Subway Fine Particles (PM2.5)-Induced Pro-Inflammatory Response Triggers Airway Epithelial Barrier Damage Through the TLRs/NF-κB-Dependent Pathway In Vitro

Abstract

Subways are widely used in major cities around the world, and subway fine particulate matter (PM_2.5) is the main source of daily PM_2.5 exposure for urban residents. Exposure to subway PM_2.5 leads to acute inflammatory damage in humans, which has been confirmed in mouse in vivo studies. However, the concrete mechanism by which subway PM_2.5 causes airway damage remains obscure.
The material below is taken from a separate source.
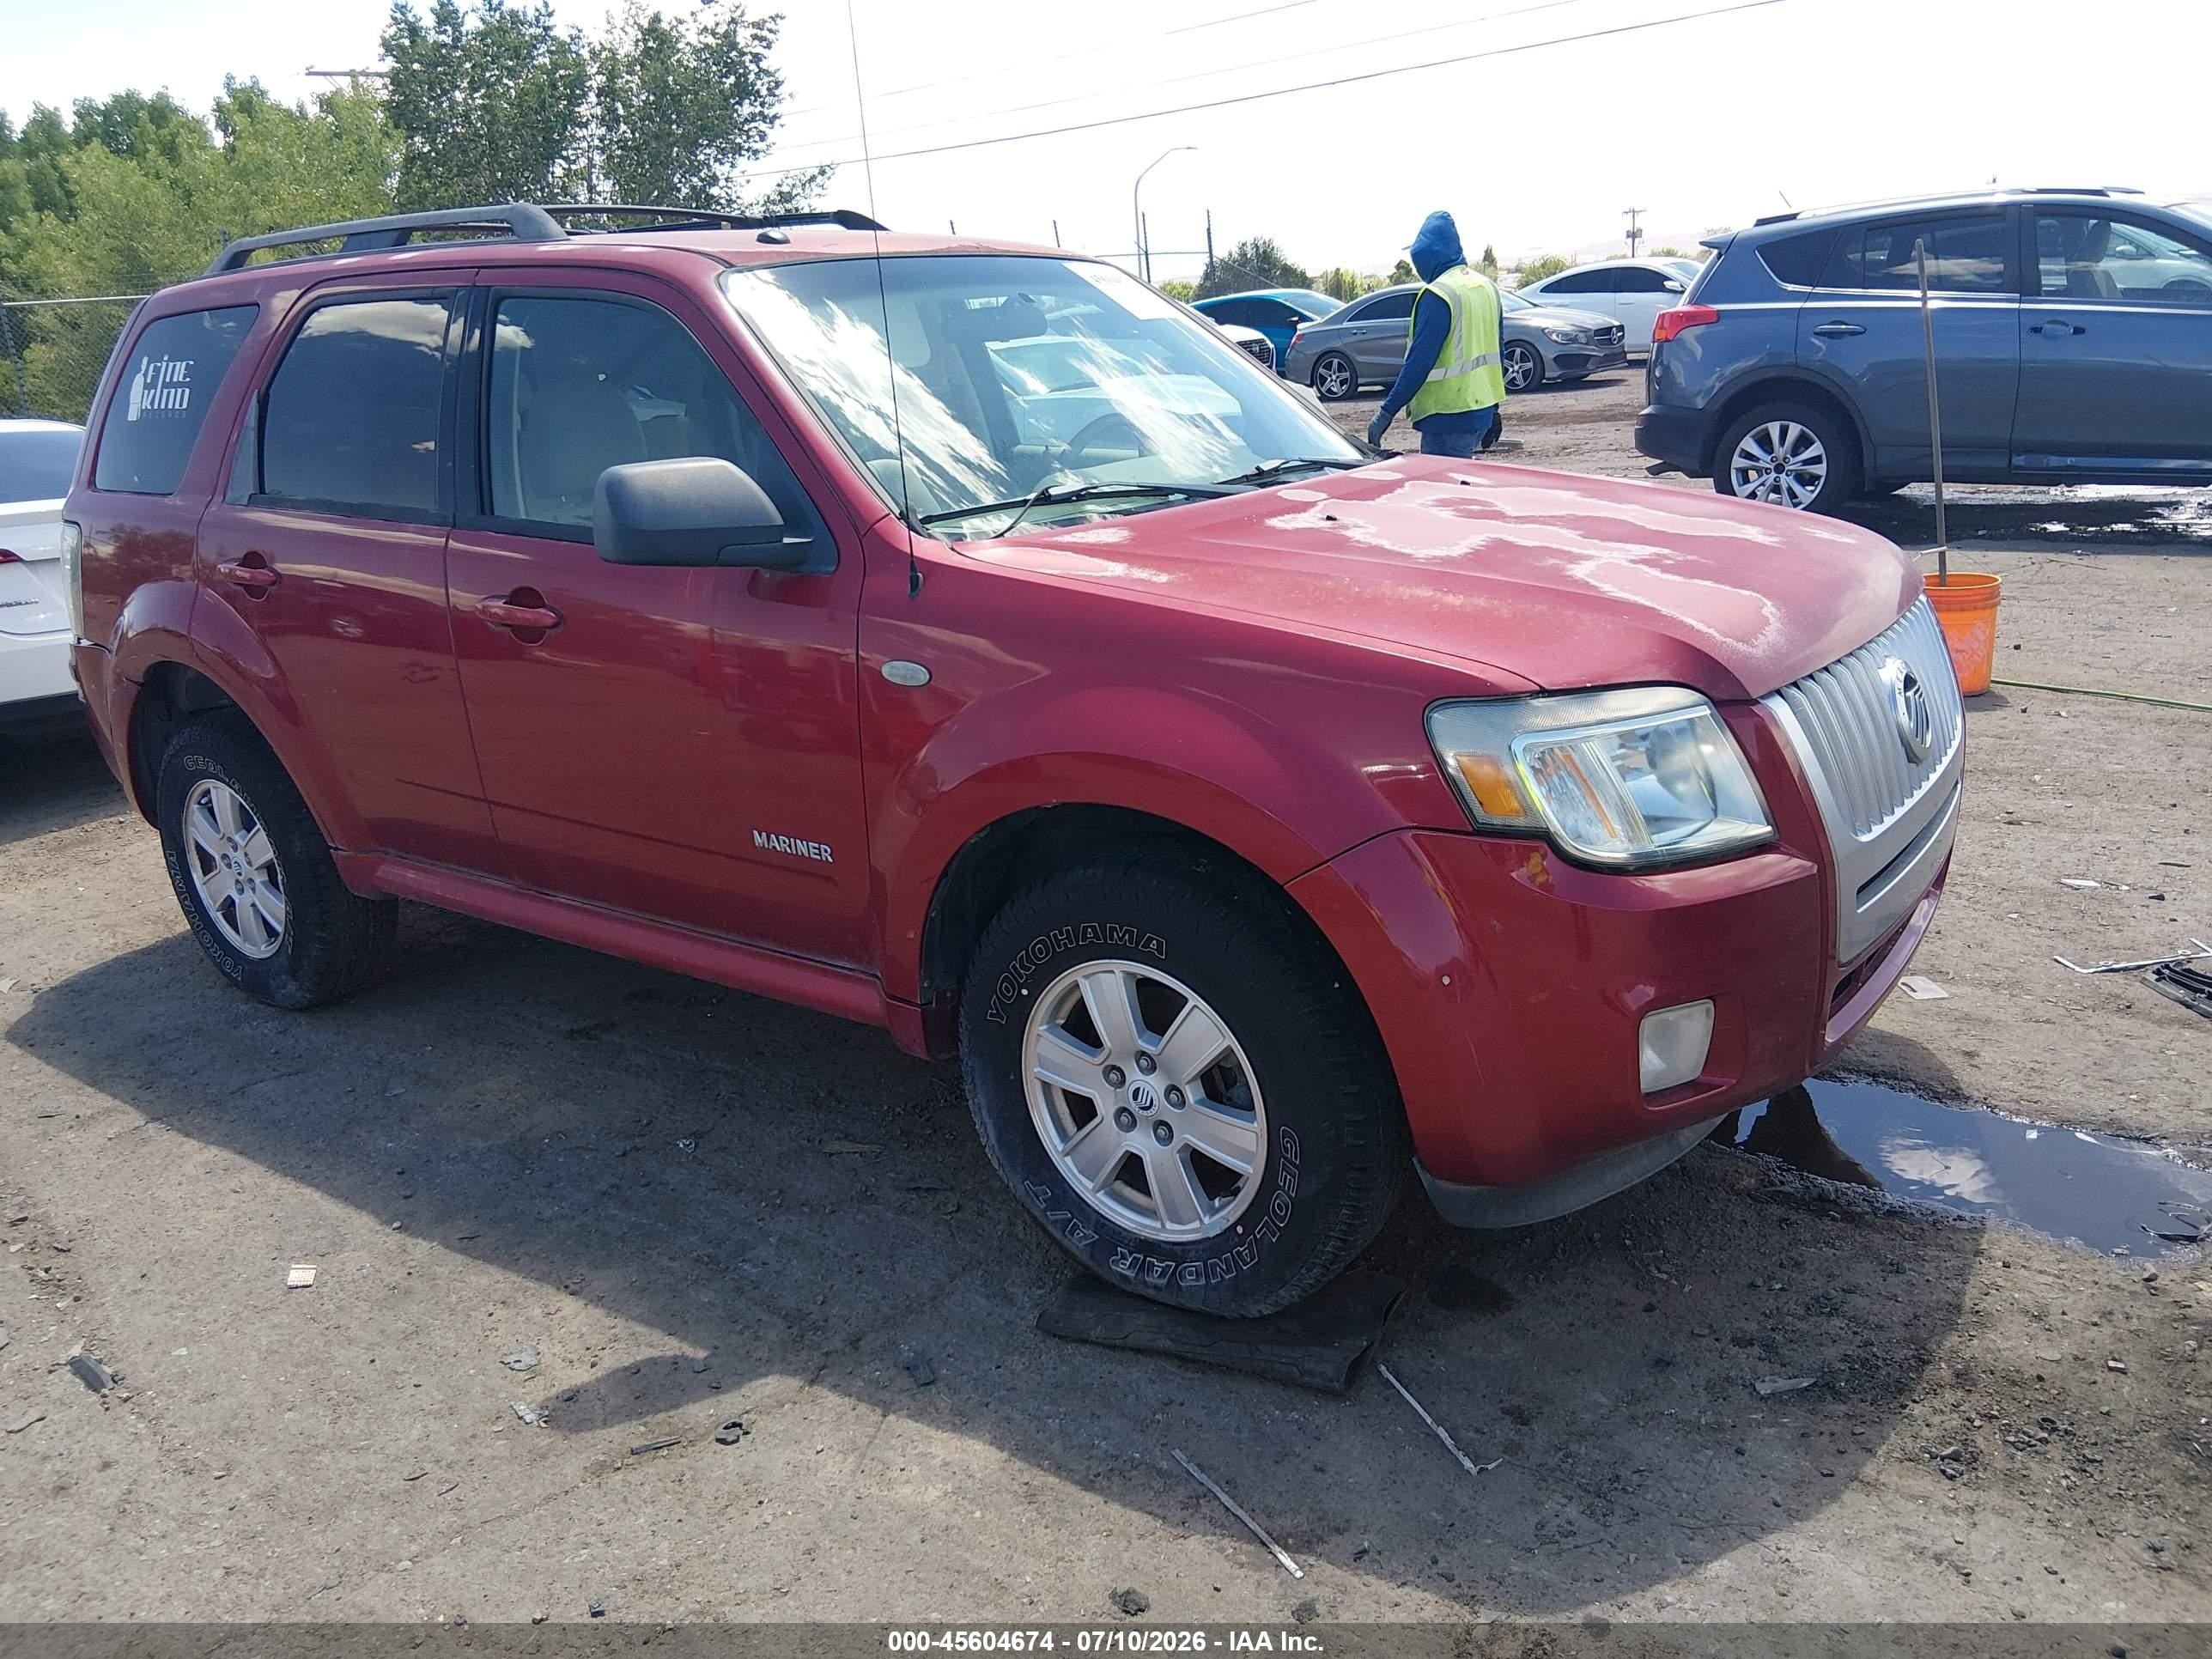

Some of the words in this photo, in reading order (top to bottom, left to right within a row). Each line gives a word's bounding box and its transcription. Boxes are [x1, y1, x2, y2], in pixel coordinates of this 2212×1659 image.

In this study, we found that subway PM_2.5 triggered release of pro-inflammatory cytokines such as interleukin 17E, tumor necrosis factor α, transforming growth factor β, and thymic stromal lymphopoietin from human bronchial epithelial cells (BEAS-2B) in a dose–effect relationship. Subsequently, supernatant recovered from the subway PM_2.5 group significantly increased expression of the aforementioned cytokines in BEAS-2B cells compared with the subway PM_2.5 group. Additionally, tight junctions (TJs) of BEAS-2B cells including zonula occludens-1, E-cadherin, and occludin were decreased by subway PM_2.5 in a dose-dependent manner. Moreover, supernatant recovered from the subway PM_2.5 group markedly decreased the expression of these TJs compared with the control group. Furthermore, inhibitors of toll-like receptors (TLRs) and nuclear factor-kappa B (NF-κB), as well as chelate resins (e.g., chelex) and deferoxamine, remarkably ameliorated the observed changes of cytokines and TJs caused by subway PM_2.5 in BEAS-2B cells. Therefore, these results suggest that subway PM_2.5 induced a decline of TJs after an initial ascent of cytokine expression, and subway PM_2.5 altered expression of both cytokines and TJs by activating TLRs/NF-κB-dependent pathway in BEAS-2B cells. The metal components of subway PM_2.5 may contribute to the airway epithelial injury.